The only sad part is that I don’t know what to say. There once existed in me a girl who could voice her every thought to the entire internet. Now, I’m just a girl whose thoughts are all those she’s afraid to say to a single person. If I can’t say it to him, how the hell could I say it to you?

Little to no doubt, the most frustrating thing about a feeling like this is that it gets trapped in your throat. When he’s looking at you in that way he does, when he’s tickling the back of your neck. It feels so good on the way up, from your stomach, passing your heart on the way, and it stops short of your tongue. It never makes it past your lips. And once it’s been lodged in your tonsils for a few weeks, it doesn’t feel so good anymore.

You’re choking on the most delicous steak you’ve ever tasted in your life.

That’s the kind of shit that makes people hate falling in love. In fact, when I listen to sappy songs about girls falling in love and being happy about it, I think “What the fuck is wrong with you? Don’t you know? Don’t you know how sick you’re going to make yourself when you see yourself become wrapped around his finger? Don’t you know how miserable it is to realize that you wouldn’t dare calculate your life without him, because it would be too pathetic? Don’t you know that when that fairy tale romance moment comes when you’re laying next to him and you want to so badly tell him that you’re falling in love with him, you will find yourself unable to say it out of fear? Don’t you know that as you contemplate where that fear is coming from, you will only imprison yourself in your emotions more and more, the closer you manage to come to an answer? And don’t you know that the strongest sense of complete panic you will ever feel is when you decide that all this ‘feeling’ is too much for you and you should probably just put some distance between you and him so you can give your maniacal heart some rest… only to find that you’re unable to do that either?”

Face it. You’re stuck between a rock and a hard place. The rock is how hard you’re falling for him. The hard place is how much you hate yourself for letting it happen. The stuck is knowing you can’t say it because he doesn’t feel the same way about you. (Jesus, I wonder who I’m trying to convince! Right?!)

I suppose I’m still that girl who can confess everything to the internet, and no one else.

Back to Nightwish.

Maybe I should be over feeling sorry for myself by now.

I feel like there is a neverending source of self confidence, that most people have stumbled upon by my age. But I have not. Maybe it comes with boobs. Maybe I should get that surgery sooner than later.
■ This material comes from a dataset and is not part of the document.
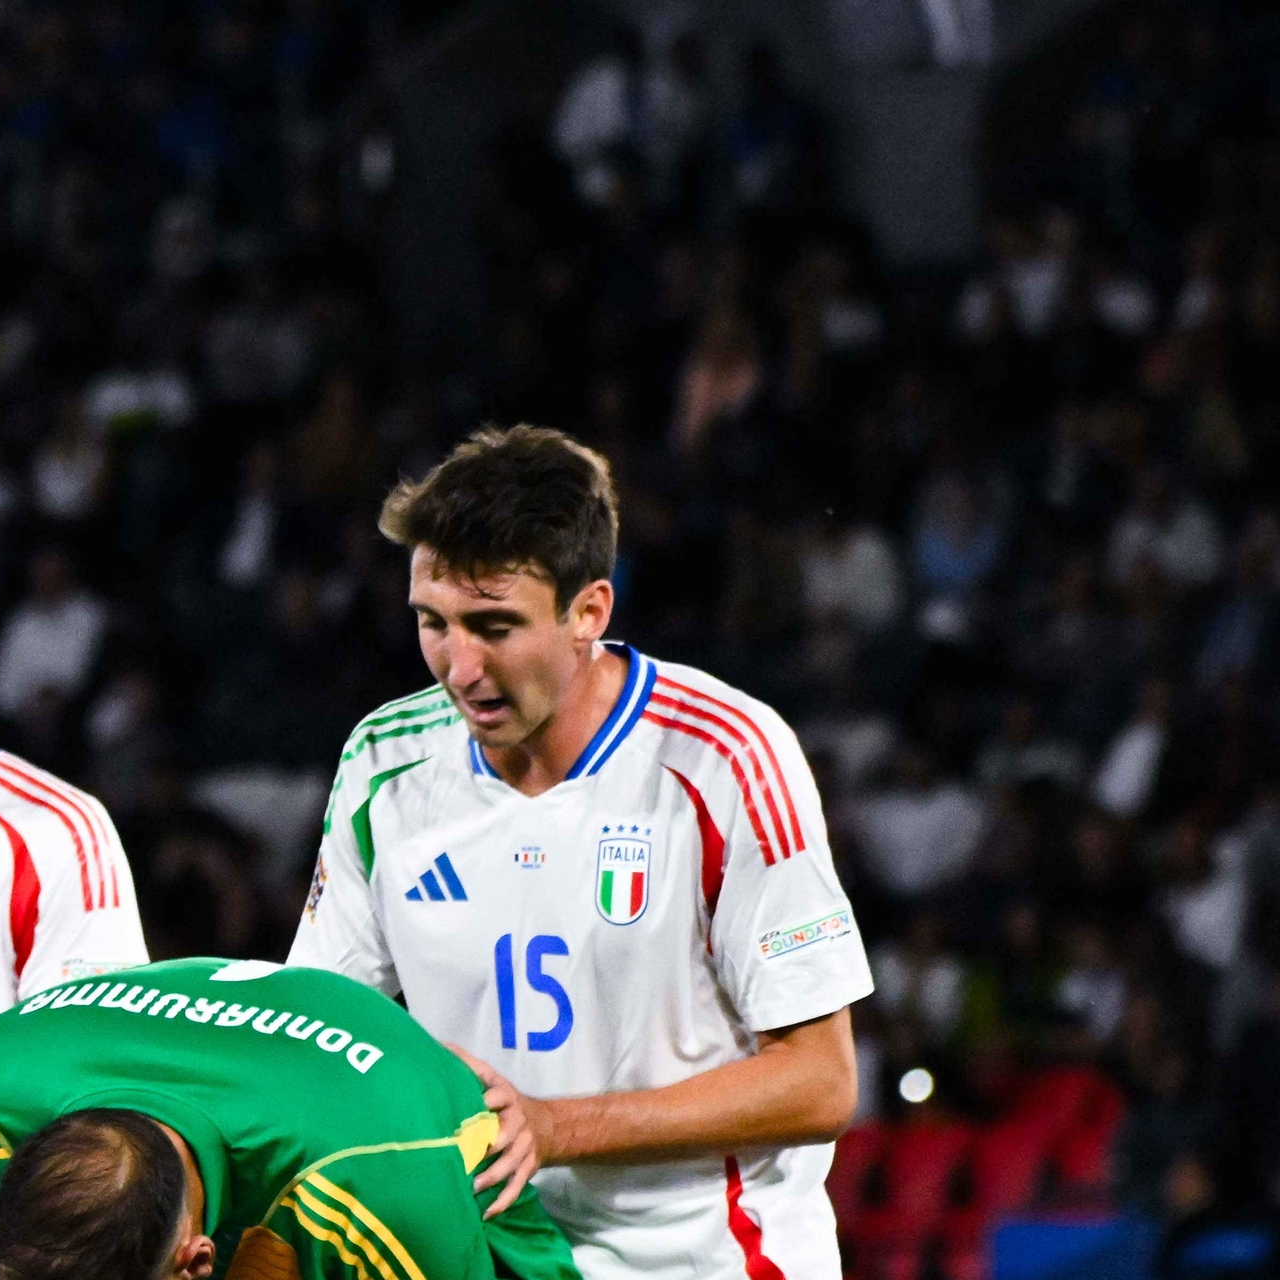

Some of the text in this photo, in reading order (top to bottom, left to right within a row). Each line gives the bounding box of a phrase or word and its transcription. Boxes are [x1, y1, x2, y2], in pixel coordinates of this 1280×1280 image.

[602, 846, 646, 863] ITALIA
[761, 914, 850, 955] FOUNDATION
[494, 933, 574, 1052] 15
If I had a C cup, I would believe that I have what it takes to keep a man around then. Until then I will just wait for him to lie to me.
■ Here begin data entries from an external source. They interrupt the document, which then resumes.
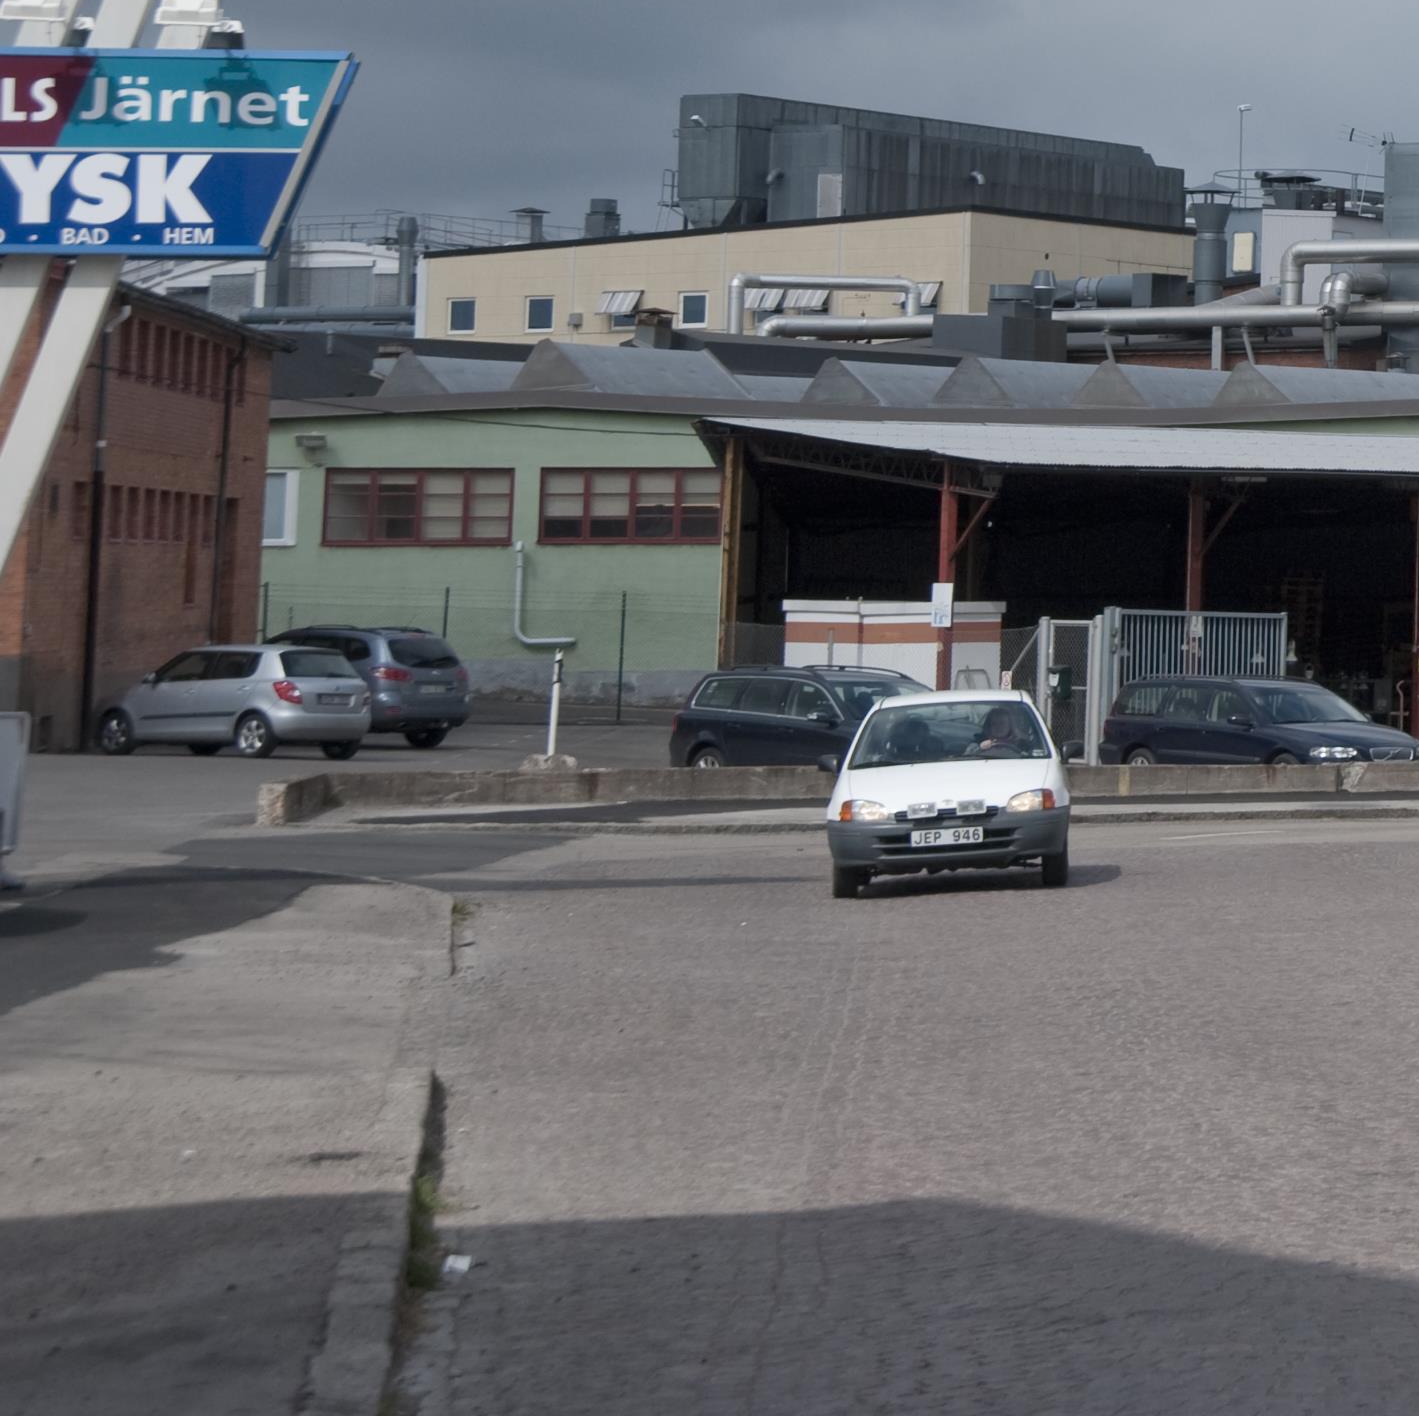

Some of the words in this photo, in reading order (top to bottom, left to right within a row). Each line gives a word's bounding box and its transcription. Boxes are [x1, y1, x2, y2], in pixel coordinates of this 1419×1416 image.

[0, 77, 58, 122] LS
[79, 75, 310, 127] Järnet
[0, 153, 214, 224] YSK
[61, 227, 110, 245] BAD
[163, 227, 215, 245] HEM
[914, 831, 941, 845] JEP
[952, 828, 981, 842] 946
But, damn it. He’s. Not. Lying.

Well, then. I guess that means that I should probably be with him for good… the moment that I have unwavering trust in him. So far he’s not doing too bad.
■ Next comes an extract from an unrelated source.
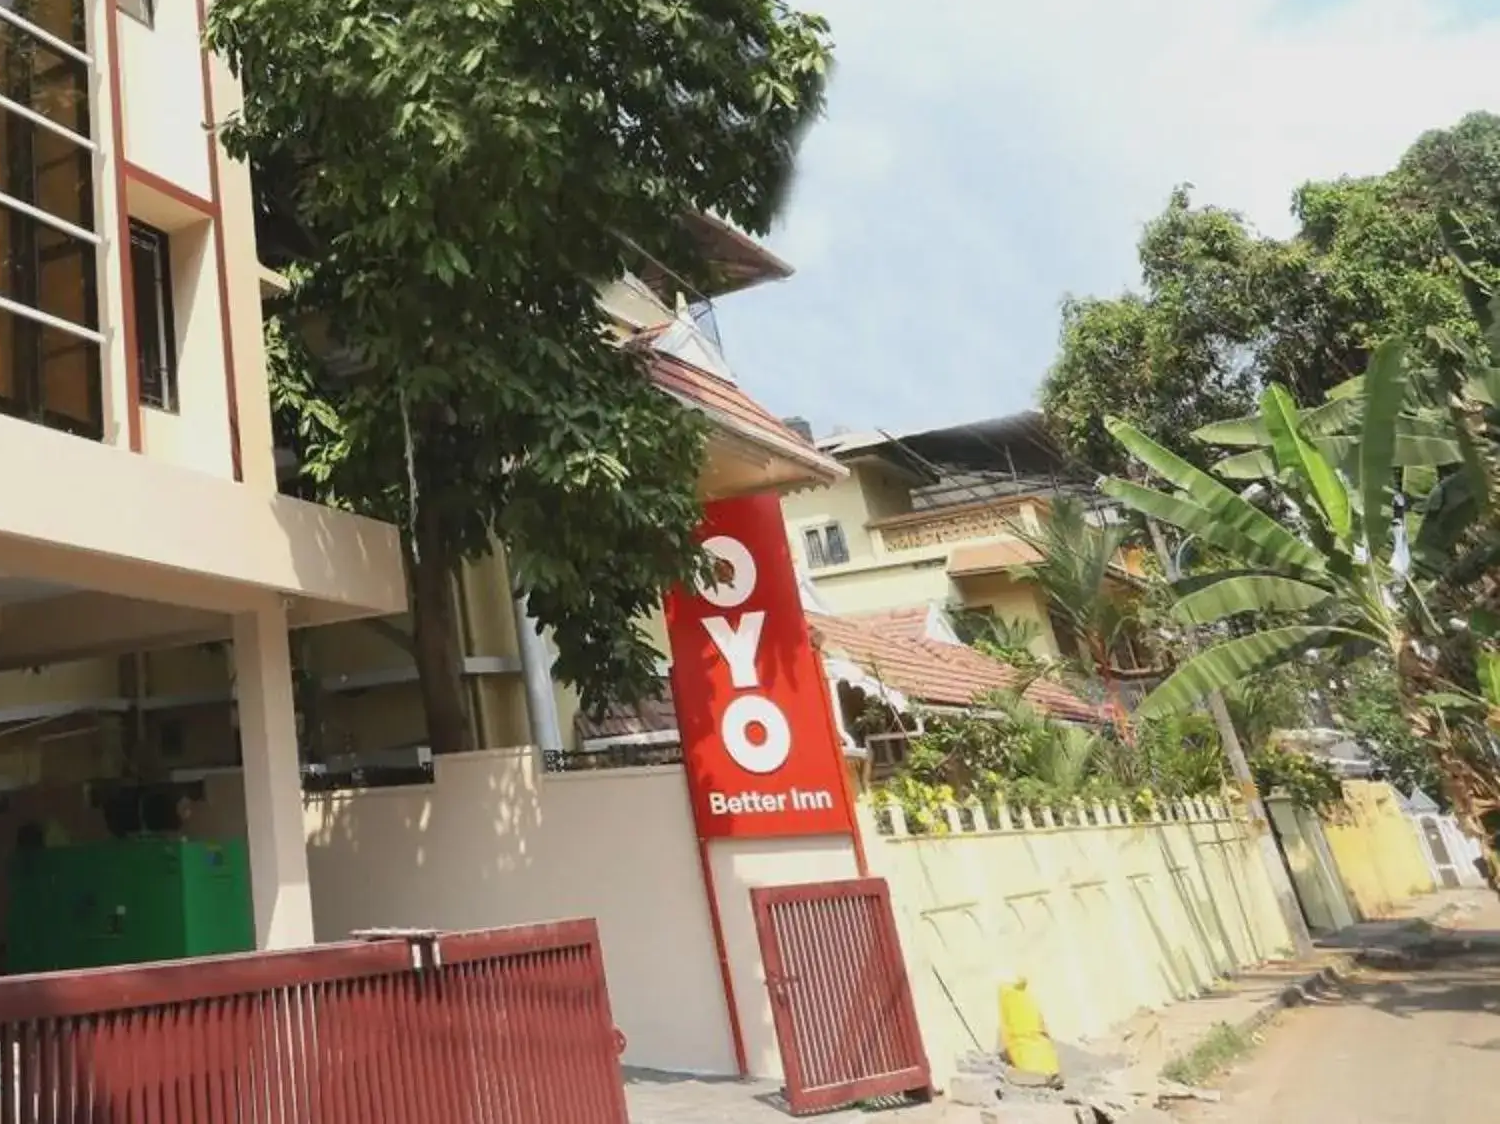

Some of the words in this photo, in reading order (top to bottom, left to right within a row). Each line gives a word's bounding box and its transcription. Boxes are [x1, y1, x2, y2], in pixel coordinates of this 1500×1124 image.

[696, 536, 791, 773] OYO
[709, 790, 786, 814] Better
[790, 787, 833, 810] Inn
I haven’t felt that kind of spark when I kissed someone in years. Isn’t it exactly what I’ve been looking for? I knew he always held a spot in my heart. I just didn’t know how big it was.

My love, actually came true. And I’m still finding things to complain about. Hah!

“Psst… I  like you.”

Mmm… I think of him and I float 10 feet off the ground.

Hahaha, I never noticed this before. On the WordPress.com homepage, right next to “Create an Account,” it says “Already Hip?” Hahaha. As in “Already hip? Enter your username and password now!” Hahahaha. Priceless. Can’t get over it.

Yes, WordPress. I am clearly hip by now. Which if you have been reading is pretty much the opposite of what this blog makes me.

I think I am over the whole pseudo-dramatic thing. Maybe sometimes I midguidedly believe that indulging in my emotional side will make me a better writer. Really, if I’m honest, all it does it make me a pussy.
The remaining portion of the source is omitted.